Problem to work on :: Would you please repeat, word for word, only the lines from the one holding "this 2048×1152 image." through the one holding "this 1250×1666 image." in the material below, without the pictures?

Records for this task ::
<<<<

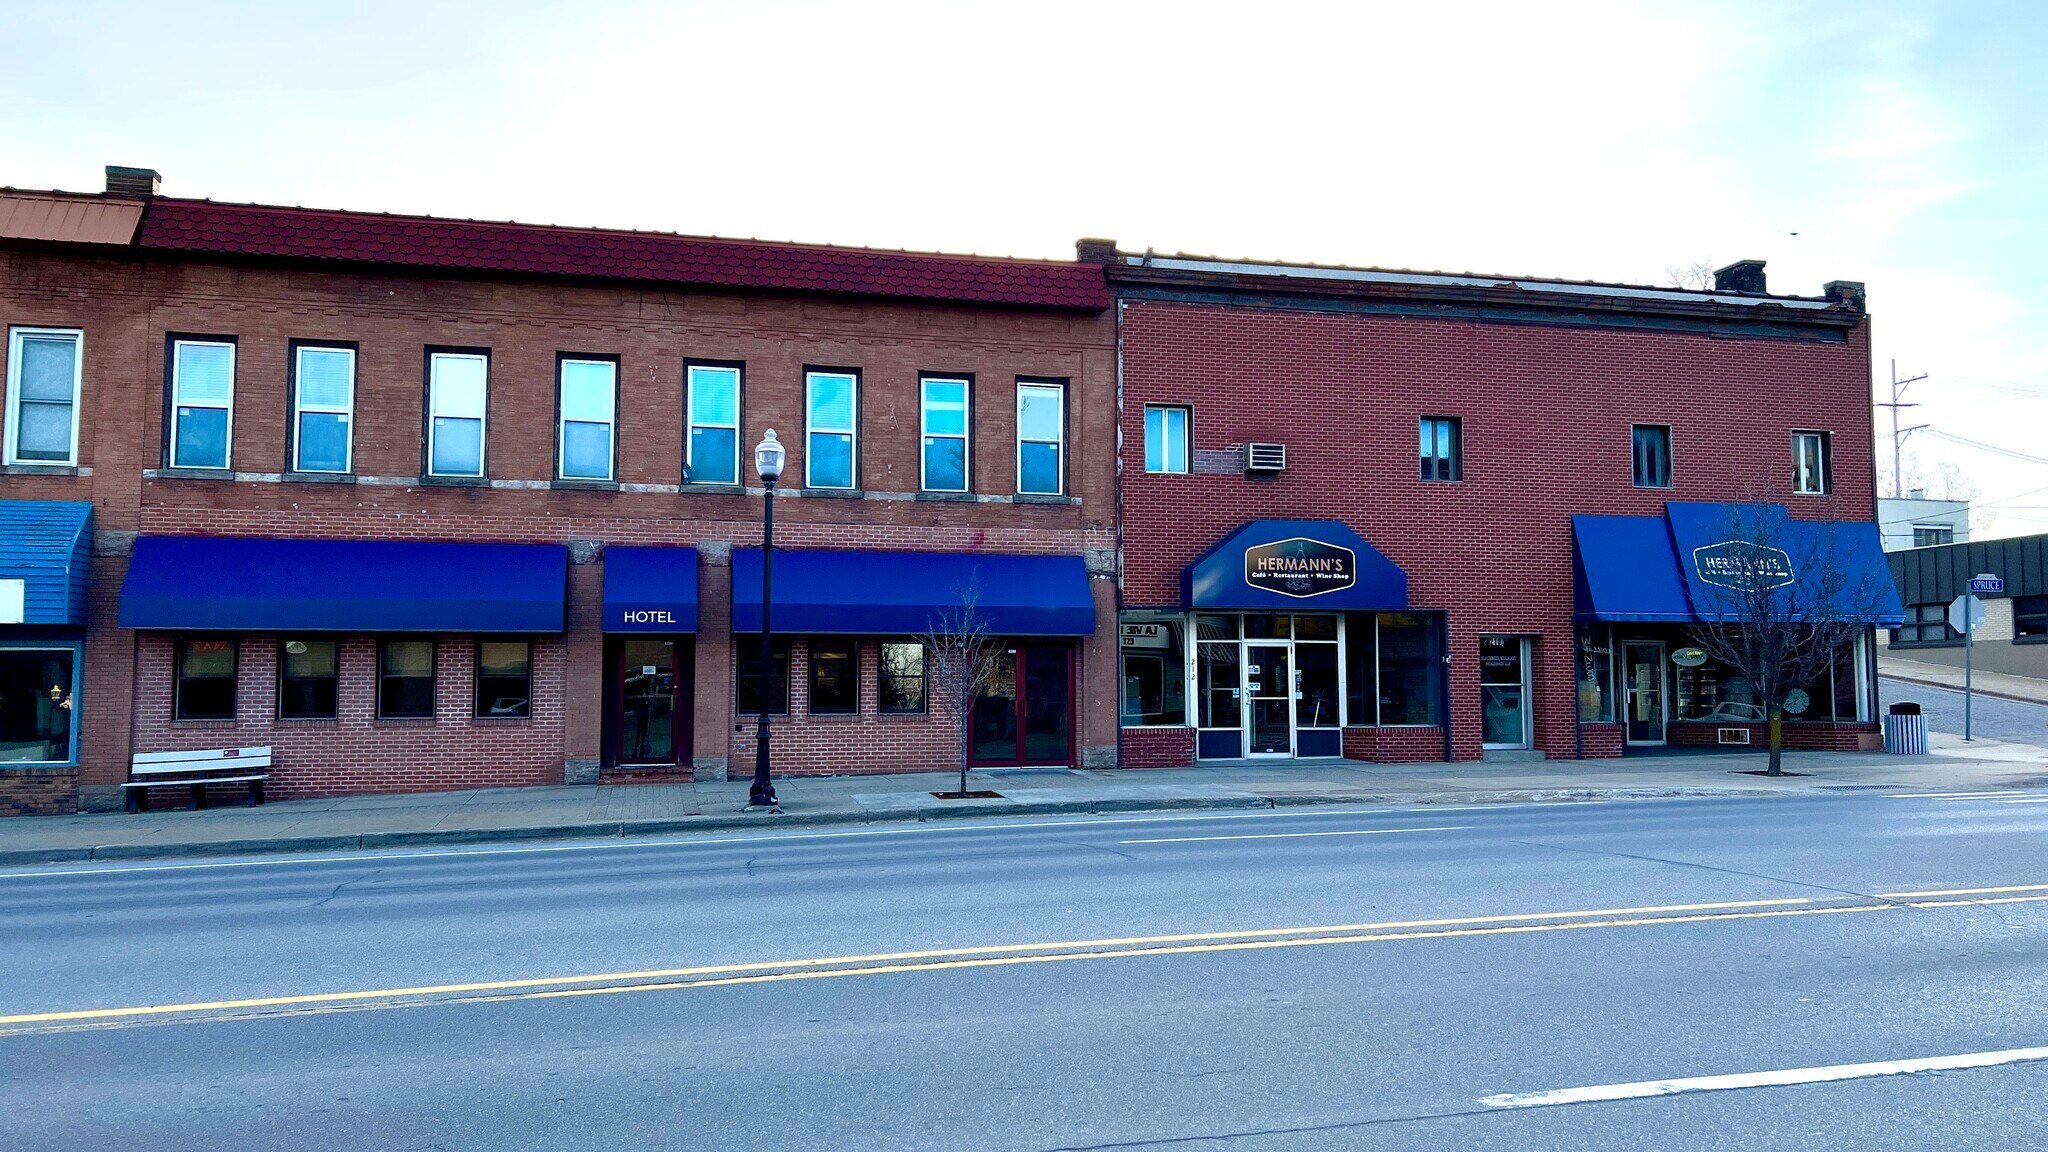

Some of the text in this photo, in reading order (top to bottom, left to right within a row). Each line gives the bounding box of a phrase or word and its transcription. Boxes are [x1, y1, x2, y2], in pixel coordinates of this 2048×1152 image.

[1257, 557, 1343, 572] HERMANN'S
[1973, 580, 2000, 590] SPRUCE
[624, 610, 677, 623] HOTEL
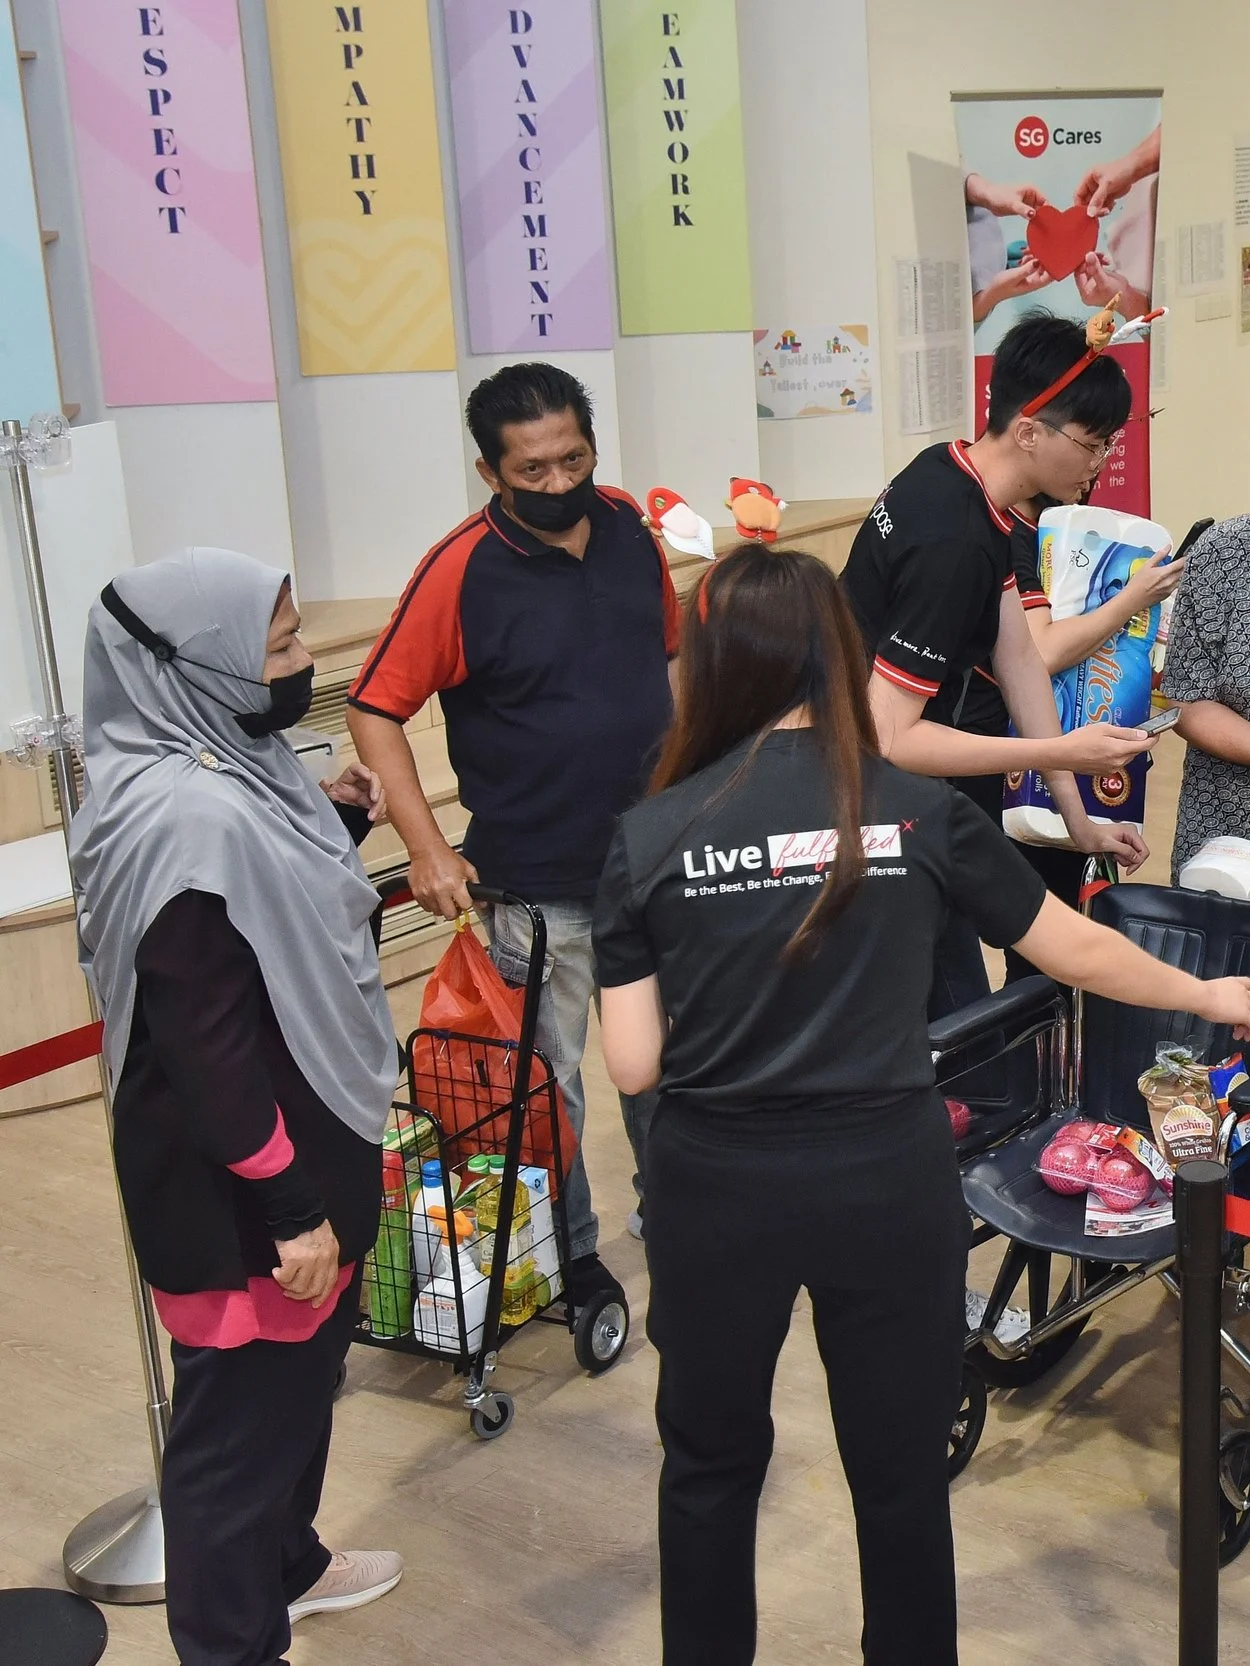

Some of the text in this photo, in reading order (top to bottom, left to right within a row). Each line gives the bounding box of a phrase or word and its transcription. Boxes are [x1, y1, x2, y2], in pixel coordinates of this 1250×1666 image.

>>>>
<<<<

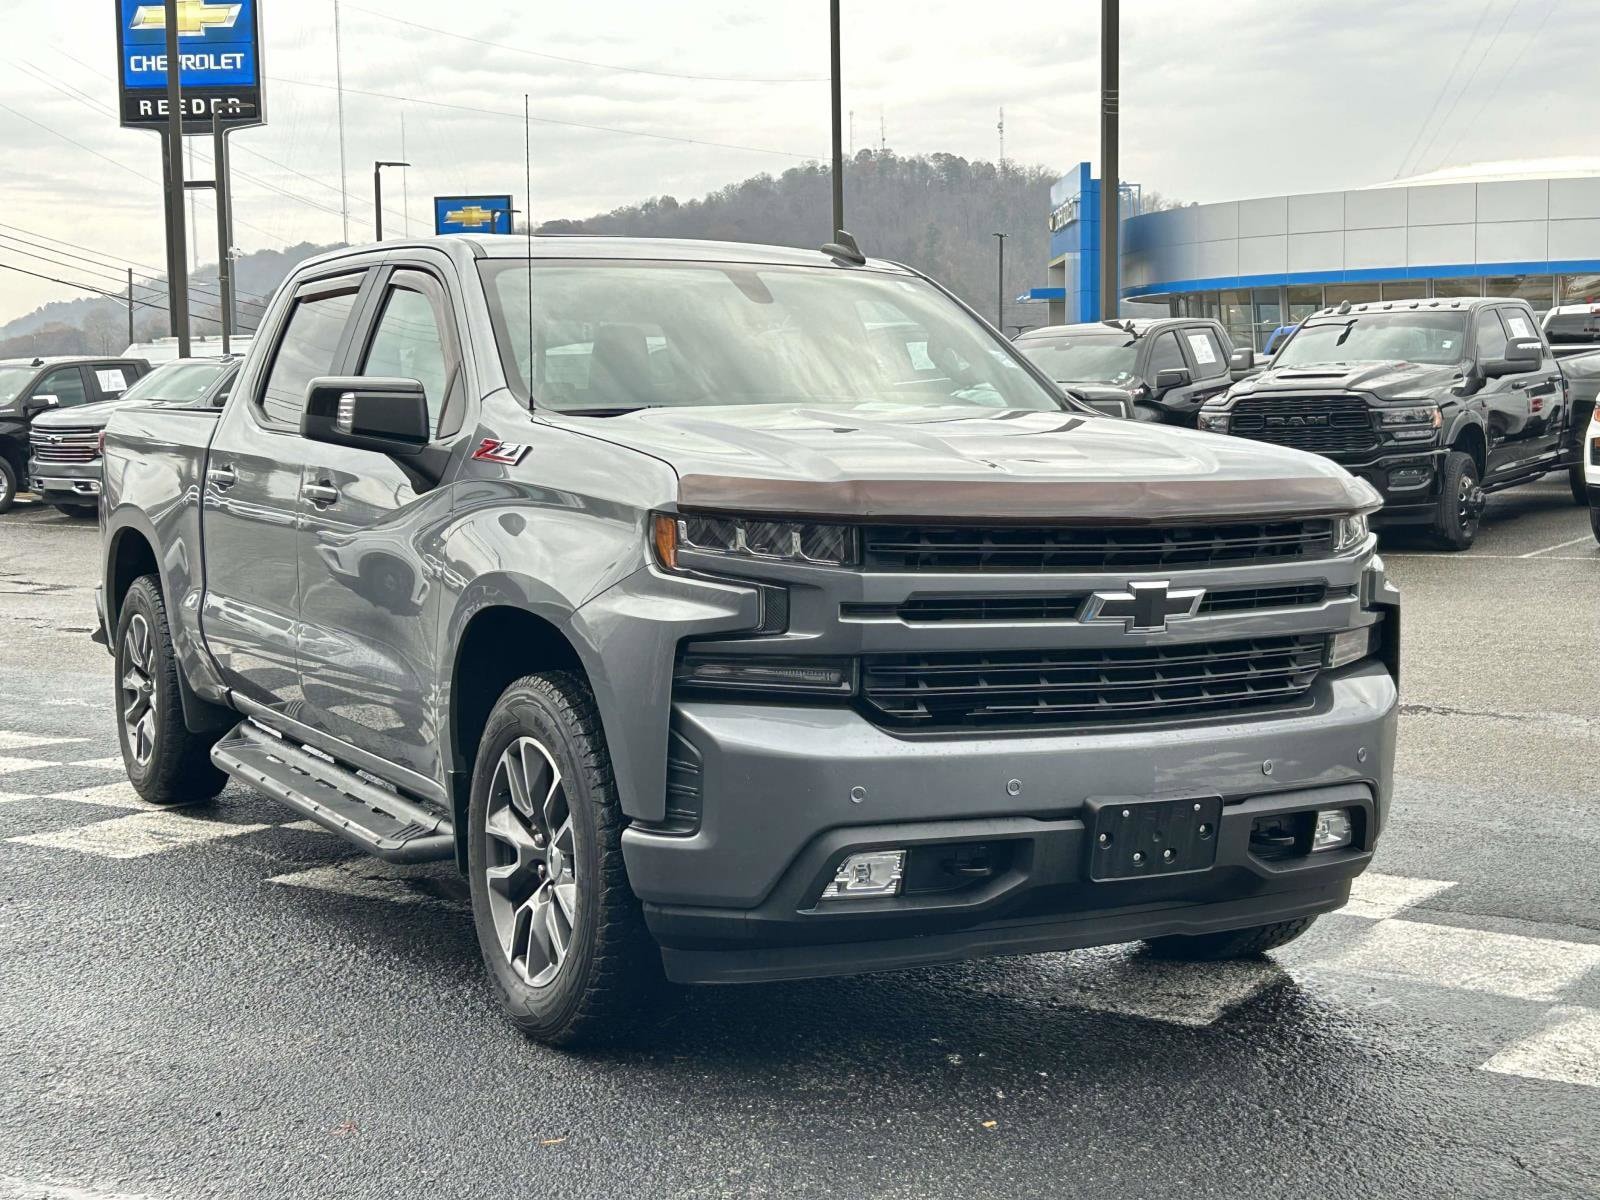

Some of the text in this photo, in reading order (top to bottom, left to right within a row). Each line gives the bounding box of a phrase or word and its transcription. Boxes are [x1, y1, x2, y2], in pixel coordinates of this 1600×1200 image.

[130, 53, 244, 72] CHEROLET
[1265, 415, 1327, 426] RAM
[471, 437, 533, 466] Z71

>>>>

The completed task ::
Some of the text in this photo, in reading order (top to bottom, left to right within a row). Each line gives the bounding box of a phrase or word and its transcription. Boxes are [x1, y1, x2, y2], in pixel coordinates of this 2048×1152 image.

[1257, 557, 1343, 572] HERMANN'S
[1973, 580, 2000, 590] SPRUCE
[624, 610, 677, 623] HOTEL

Some of the text in this photo, in reading order (top to bottom, left to right within a row). Each line gives the bounding box of a phrase or word and its transcription. Boxes are [x1, y1, x2, y2], in pixel coordinates of this 1250×1666 image.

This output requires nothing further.